Resuelto el misterio de Tikal: por qué los mayas se fueron de la ciudad

Un estudio de la Universidad de Cincinnati ha indagado en las reservas de agua del centro urbano para encontrar una explicación a la desbandada de los habitantes

Si Tikal es hoy Patrimonio de la Humanidad mucha (o toda) culpa de ello la tiene que en el pasado fuera uno de los mayores centros urbanos de la civilización maya. En la actual Guatemala, la ciudad fue creciendo desde el siglo III a.C. hasta el IX, que llegó a su cumbre. Pero qué pasó para que en apenas cien años se extinguiera su población, que o falleció o se marchó despavorida del lugar.

Ahora la Universidad de Cincinnati se ha propuesto resolver el enigma con un equipo formado por arqueólogos, geógrafos, botánicos, biólogos, químicos y antropólogos y parece que ya tienen los primeros resultados: los embalses en el corazón de una antigua ciudad maya estaban tan contaminados con mercurio y algas que el agua que allí se almacenaba no se podía beber: “Los arqueólogos y antropólogos han estado tratando de averiguar qué le sucedió a los mayas durante 100 años”, explicó David Lentz, profesor de Ciencias Biológicas y principal autor del estudio.

Aun así, los hallazgos no descartan que, como se ha venido teorizando desde hace años para explicar la desaparición de la civilización, fueran las sequías del siglo IX las que contribuyeran a la despoblación total, además de que “la conversión de los reservorios centrales de Tikal de lugares que sostienen la vida a lugares que inducen enfermedades habría ayudado práctica y simbólicamente a provocar el abandono de esta ciudad”, explica el estudio publicado en la revista “Nature Scientific Reports”.

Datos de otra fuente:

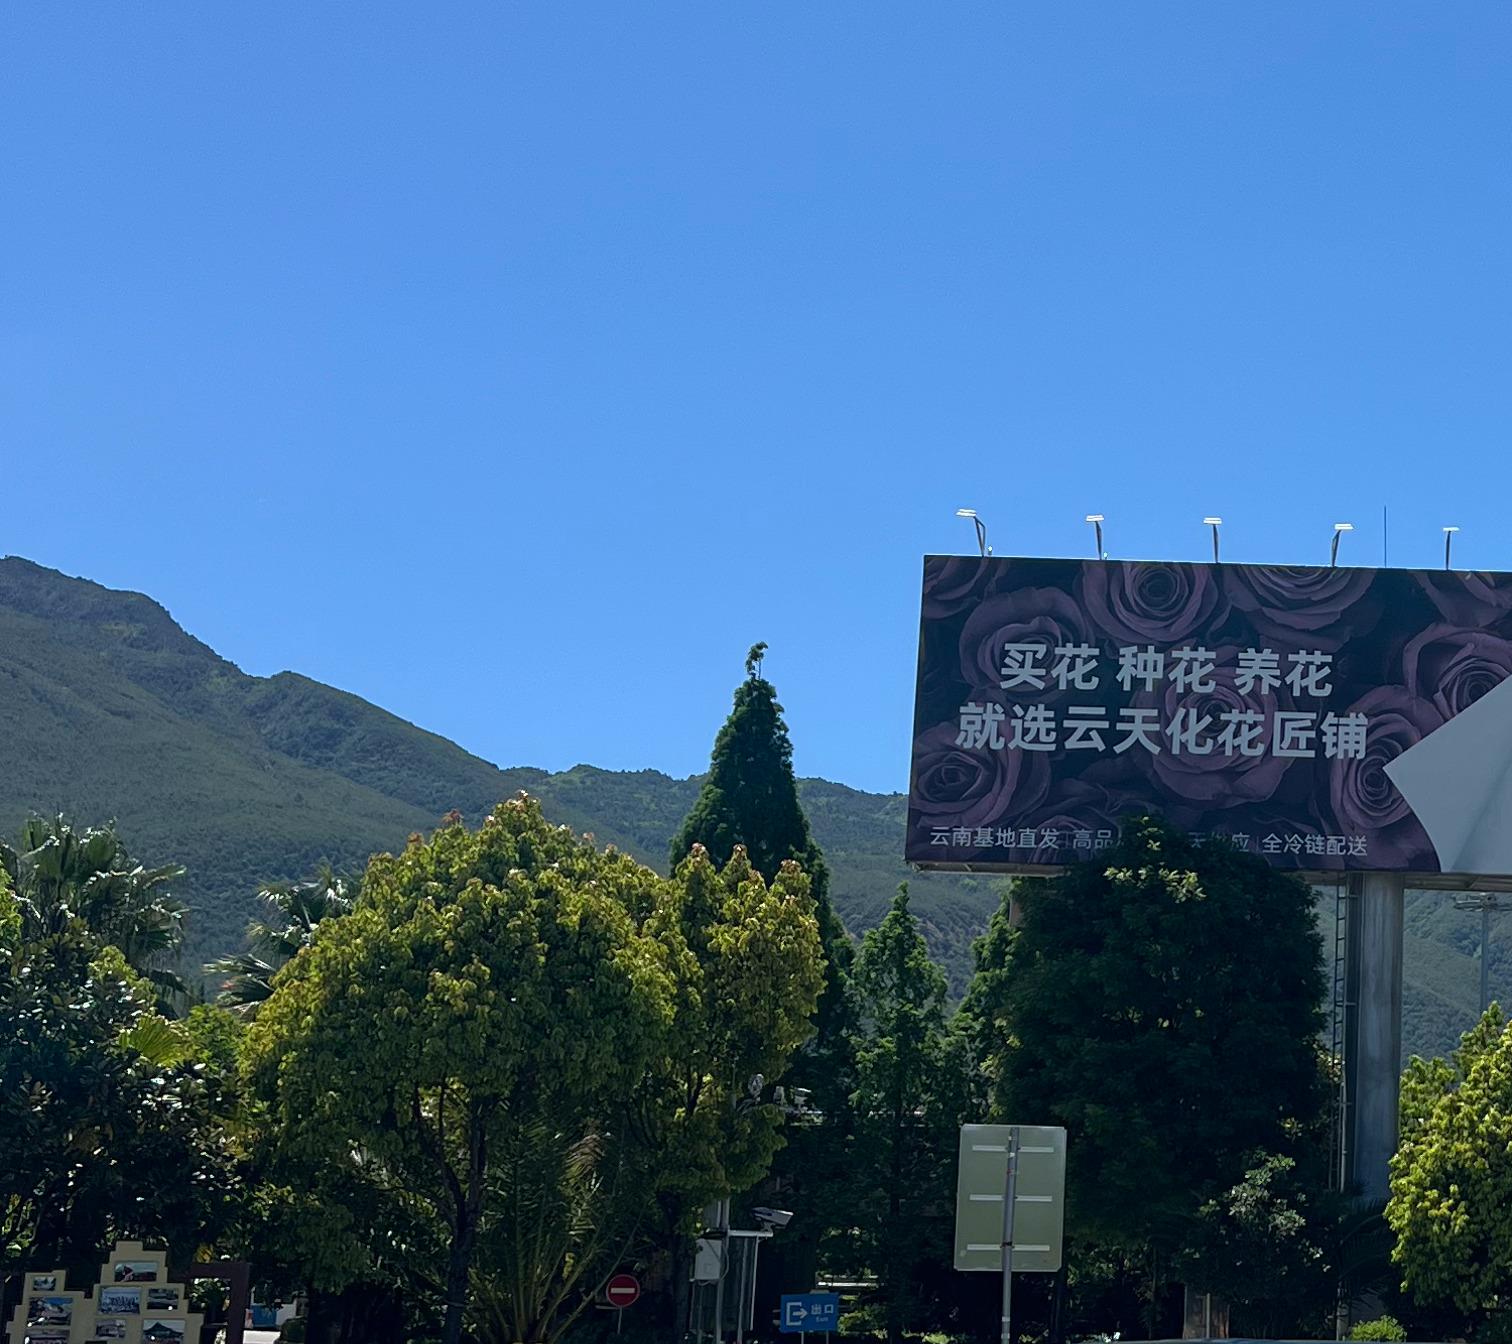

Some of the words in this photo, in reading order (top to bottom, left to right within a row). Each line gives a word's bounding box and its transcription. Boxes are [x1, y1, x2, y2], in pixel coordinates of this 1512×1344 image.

[999, 642, 1100, 691] 买花
[1116, 644, 1217, 694] 种花
[1235, 647, 1333, 697] 养花
[954, 701, 1369, 760] 就选云天化花匠铺
[929, 825, 1060, 850] 云南基地直发
[1261, 832, 1369, 857] 全冷链配送
[811, 1304, 834, 1315] 出口
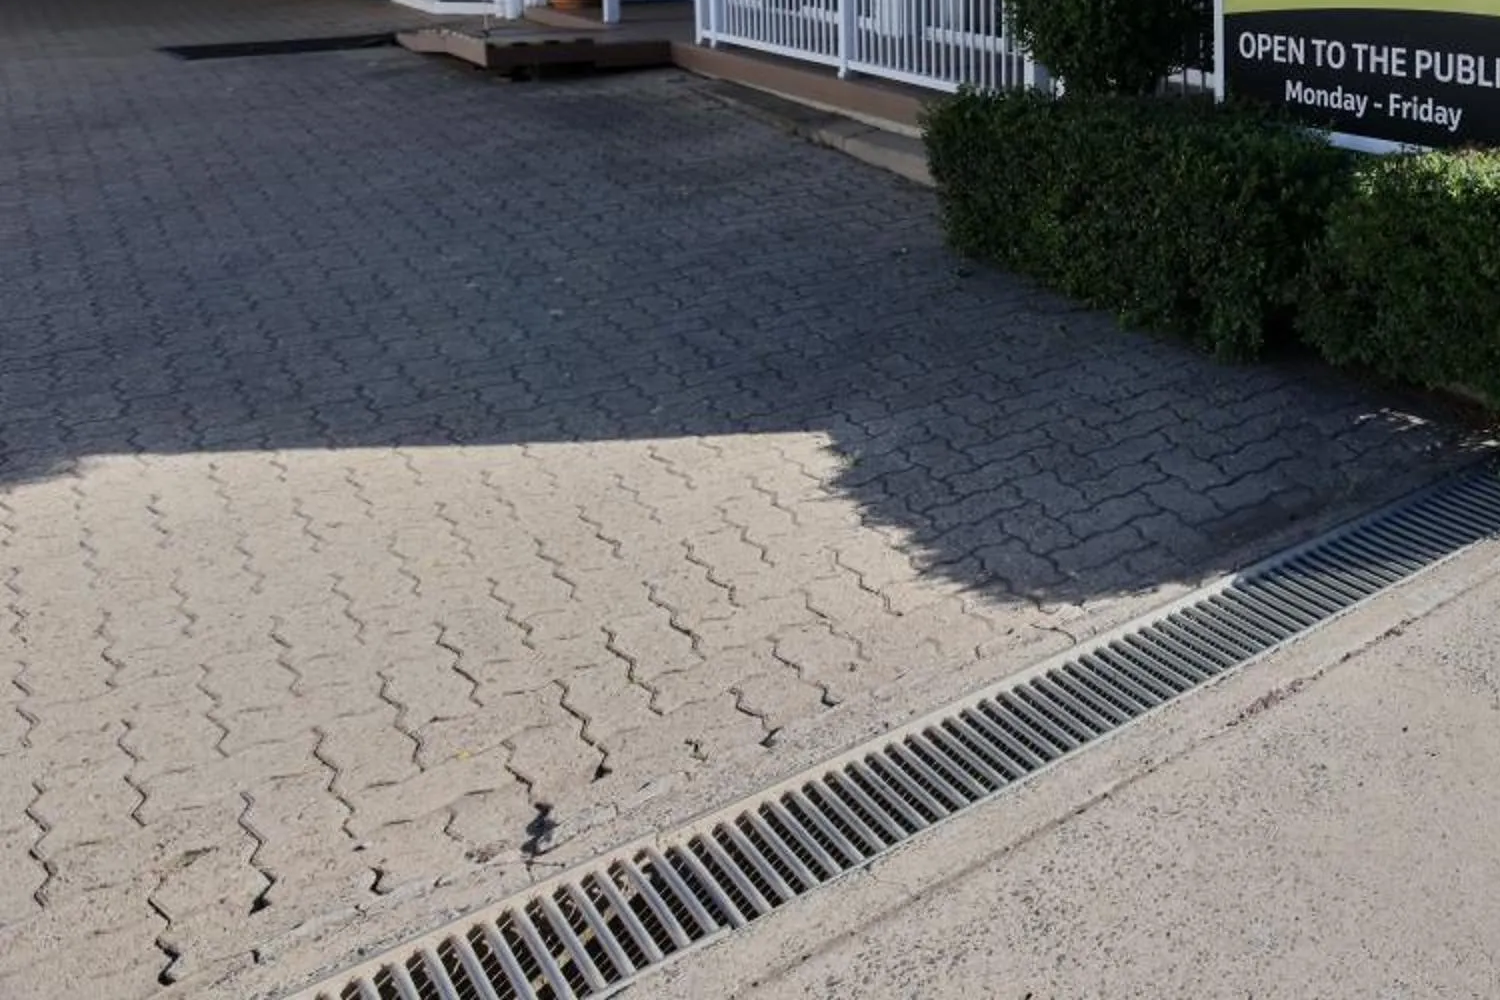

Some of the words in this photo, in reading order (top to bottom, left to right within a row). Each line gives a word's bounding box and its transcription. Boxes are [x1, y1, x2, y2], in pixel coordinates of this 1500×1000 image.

[1238, 31, 1305, 65] OPEN
[1311, 39, 1346, 70] TO
[1352, 43, 1407, 78] THE
[1285, 79, 1369, 119] Monday
[1389, 92, 1463, 132] Friday

Dentro del proyecto, un análisis geoquímico ha dado con que los dos depósitos más cercanos al palacio y al templo de la ciudad contenían niveles tóxicos de mercurio. Sustancia que los investigadores siguieron hasta un pigmento que los mayas usaron para adornar edificios, objetos de barro y otros bienes. Parece que, durante las tormentas, el mercurio (85%) y el azufre (15%) en el pigmento se filtró en los depósitos donde se depositó en capas de sedimento a lo largo de los años. Sin embargo, también ha confirmado el estudio que las reservas de agua potable sin contaminar eran abundantes.

“Encontramos dos tipos de algas verdeazuladas que producen químicos tóxicos. Lo malo de esto es que son resistentes a la ebullición. Hizo que el agua en estos depósitos sea tóxica para beber”, reconocen los investigadores de las dos cianobacterias “culpables”: Planktothrix y Microcystis. Un descubrimiento que hace improbable que los habitantes de Tikal bebieran esa agua porque “habría tenido un aspecto y un sabor desagradable”, dijo Kenneth Tankersley, profesor asociado de antropología en la Facultad de Artes y Ciencias de la Universidad de Cincinnati. “Habría habido estas grandes floraciones de algas. Nadie hubiera querido beber esa agua”.